The first thing you look for on Steelers film is how the opponent is defending Antonio Brown. The Steelers know it can’t be done with just one man, and so they often put Brown alone on the formation’s weak side. Ben Roethlisberger knows Brown will almost certainly attract some form of Cover 2 over there, leaving only so many coverages available on the other side. Brown’s alignment has a way of unmasking the defense.
When watching Patriots film, the first thing you look for is how they’re using their cornerbacks. It changes week to week, and like with Brown, it too tells the scheme’s story.
How the Patriots cover Brown will be the biggest factor in this Sunday’s battle for top billing in the AFC. Bill Belichick’s gameplans famously center around eliminating the opponent’s greatest weapon. We could have a smart, hearty debate about whether that would be Brown or Le’Veon Bell; because both set the bar at their positions, it’s essentially a philosophical debate over which is more important, wide receiver or running back?
But for Belichick, there is no debate—Brown is Enemy No. 1. The reason is this: if Bell beats the Patriots, it will likely be over the course of many snaps: an eight-yard run here, a 17-yard catch there, etc. Bell certainly has home run power, but as a running back, his yardage inherently comes in smaller chunks. Brown, on the other hand, can beat you in one fell swoop. Nothing harms a defense more than giving up big plays.

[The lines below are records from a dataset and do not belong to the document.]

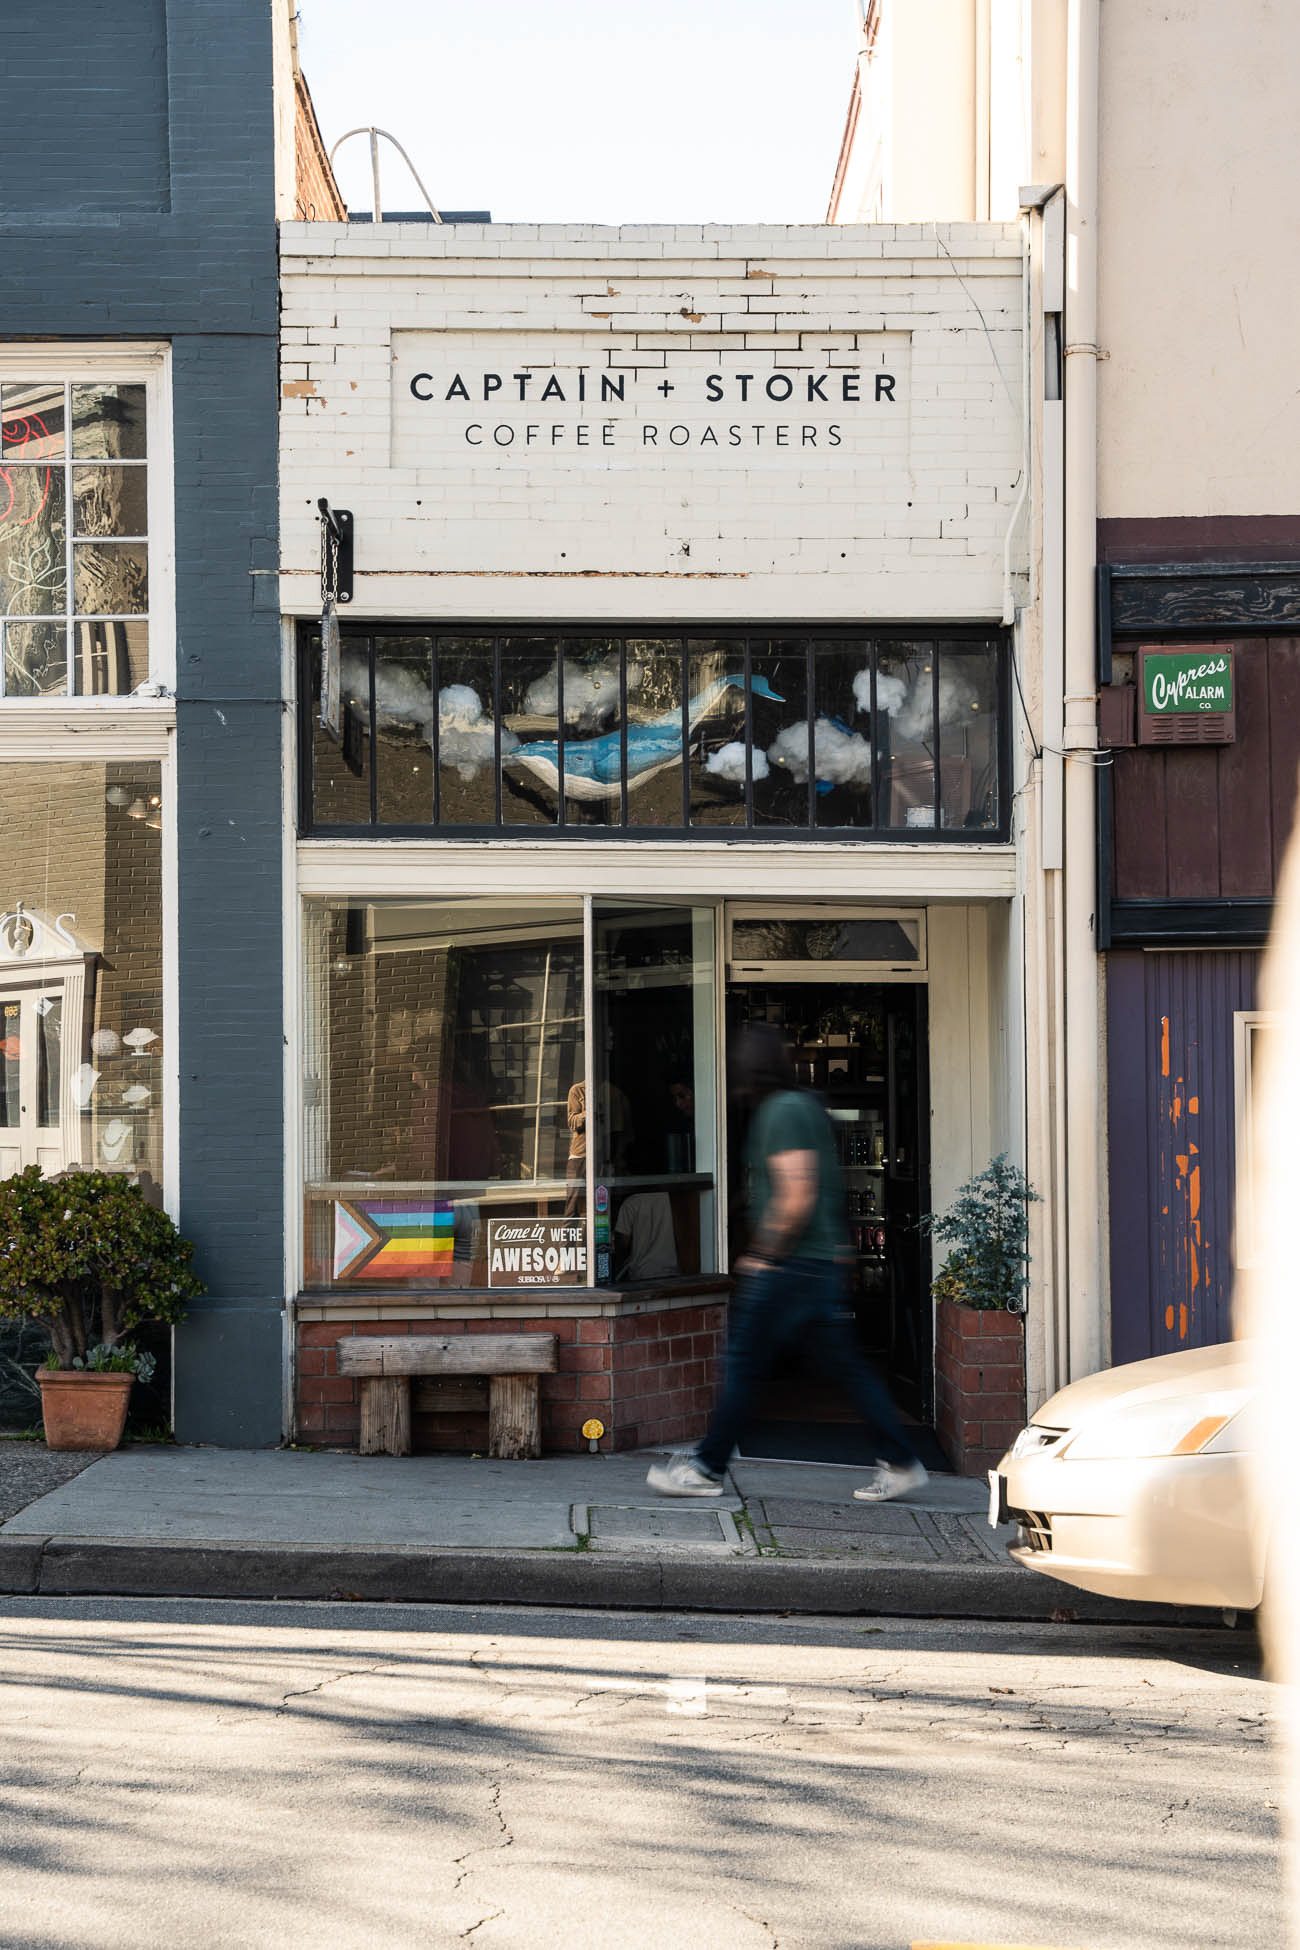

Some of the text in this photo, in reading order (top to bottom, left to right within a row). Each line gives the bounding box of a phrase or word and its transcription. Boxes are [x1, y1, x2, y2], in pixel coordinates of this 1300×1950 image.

[409, 373, 626, 402] CAPTAIN
[705, 374, 897, 402] STOKER
[464, 424, 843, 447] COFFEE ROASTERS
[1152, 658, 1227, 709] Cypress
[1184, 686, 1225, 699] ALARM
[494, 1224, 530, 1242] Come
[531, 1223, 546, 1243] in
[550, 1227, 583, 1242] WE'RE
[491, 1247, 587, 1272] AWESOME
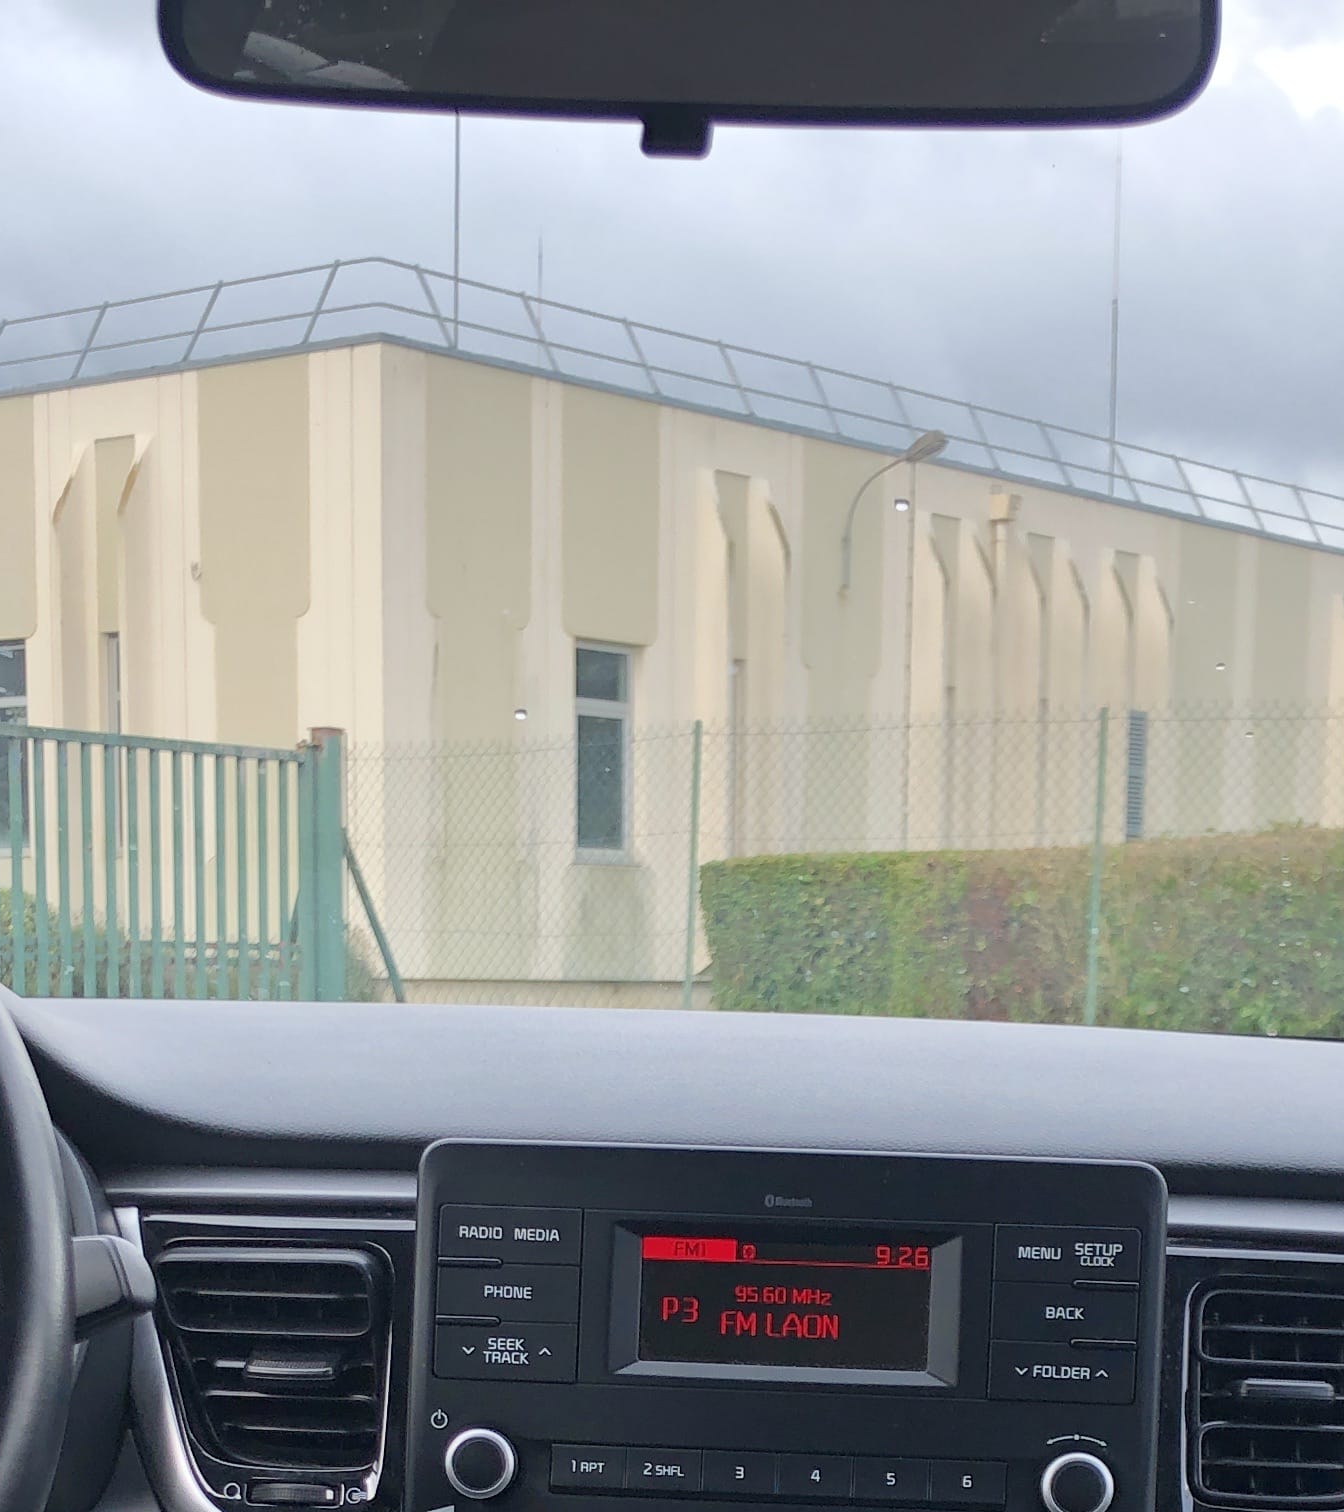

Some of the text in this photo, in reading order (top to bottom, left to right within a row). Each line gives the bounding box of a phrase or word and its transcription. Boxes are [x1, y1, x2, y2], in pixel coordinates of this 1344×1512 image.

[458, 1225, 503, 1240] RADIO
[513, 1227, 561, 1242] MEDIA
[1017, 1246, 1062, 1260] MENU
[1074, 1242, 1123, 1257] SETUP
[1080, 1256, 1115, 1267] CLOCK
[483, 1284, 533, 1299] PHONE
[791, 1288, 832, 1306] MHz
[661, 1296, 700, 1323] P3
[1045, 1306, 1085, 1320] BACK
[719, 1310, 840, 1341] FM LAON
[487, 1337, 525, 1351] SEEK
[482, 1350, 529, 1365] TRACK
[1032, 1364, 1091, 1380] FOLDER
[571, 1459, 606, 1474] 1 RPT
[643, 1462, 685, 1477] 2 SHFL
[735, 1466, 745, 1479] 3
[810, 1469, 821, 1482] 4
[886, 1472, 896, 1486] 5
[962, 1475, 973, 1488] 6

So how will the Patriots try to contain Brown? (And contain is the best anyone can do against him.) It starts with Malcolm Butler. Most matchup corners are bigger, physical men who are built to take away bigger, physical receivers. Butler is one of the rare few who travels with quicker, shiftier receivers. And that’s what he’s done with Brown in the past. In Week 1 of the 2015 season, Butler, fresh off the Super Bowl XLIX-clinching interception that catapulted him from obscurity to stardom, traveled with Brown, at times in the purest of forms, true solo man coverage. There were even cases when, with Brown aligned near the sideline, Butler played iso-man coverage out of zone call, using the boundary as help. Brown finished with nine catches and 133 yards that night, but the production was hard-earned and Butler won on several critical snaps. The Patriots won the game 28-21.
In two meetings last season, Butler continued to shadow Brown, only this time he got steady safety help. The Patriots played a lot of two-deep coverage during the middle of the 2016 season, and the Steelers didn’t present imposing weapons opposite Brown (Martavis Bryant was suspended; JuJu Smith-Schuster was a USC Trojan). When the Patriots hosted the Steelers in the AFC title game a few months later, the double-teams continued, especially in the red zone.
Expect that pattern to hold again Sunday, even with Bryant and Smith-Schuster in the picture. It’s always precarious to predict what Belichick will do, and some within the NFL have suggested that Stephon Gilmore, the pricey free agent corner who was signed to replace Butler (a free-agent-to-be after this season) as the long-term No. 1 corner in New England, could get Brown duties. Gilmore, at 6-feet, 190 pounds, isn’t as quick as Butler, but he’s longer and stronger. If there’s safety help over the top, the difference in quickness becomes less important.
But what’s so often overlooked about Butler is that he is physical, too. Plus, Gilmore has the body to match up to the 6' 4", 210-pound Bryant one-on-one. Butler, at 5' 11", 180, does not. With Gilmore handling Bryant alone, you have more freedom in applying the double-teaming safety against Brown. Most likely, it will be Duron Harmon, who always plays deep, leaving options for how to deploy Devin McCourty, New England’s most versatile cover safety. This season in man coverage, McCourty has often been a robber (i.e. the free defender in the shallower middle of the field), but there were times in last year’s AFC championship game when he matched directly to Le’Veon Bell.
All of these coverage scenarios are consistent with New England’s overarching defensive philosophy, which is bend- don’t-break. We don’t think of the Patriots in these terms because in the early 2000s, when Belichick was first ascending to legendary status, he ran an uncommonly diverse and complex defense. That was because he had an unparalleled array of savvy veterans—guys like Tedy Bruschi, Lawyer Milloy, Ted Johnson, Willie McGinest, Mike Vrabel, Ty Law, etc. Over the last 10 years, Belichick’s Patriots have been more about sound fundamentals and traditional, time-tested coverages. Will you still see schematic wrinkles? Of course, especially when the offense gets near field goal range. But in the aggregate, the Patriots force you to beat them slowly, again and again, without making the mistakes that beat yourself. Their plan this Sunday will center around not letting the NFL’s best wide receiver beat them quickly.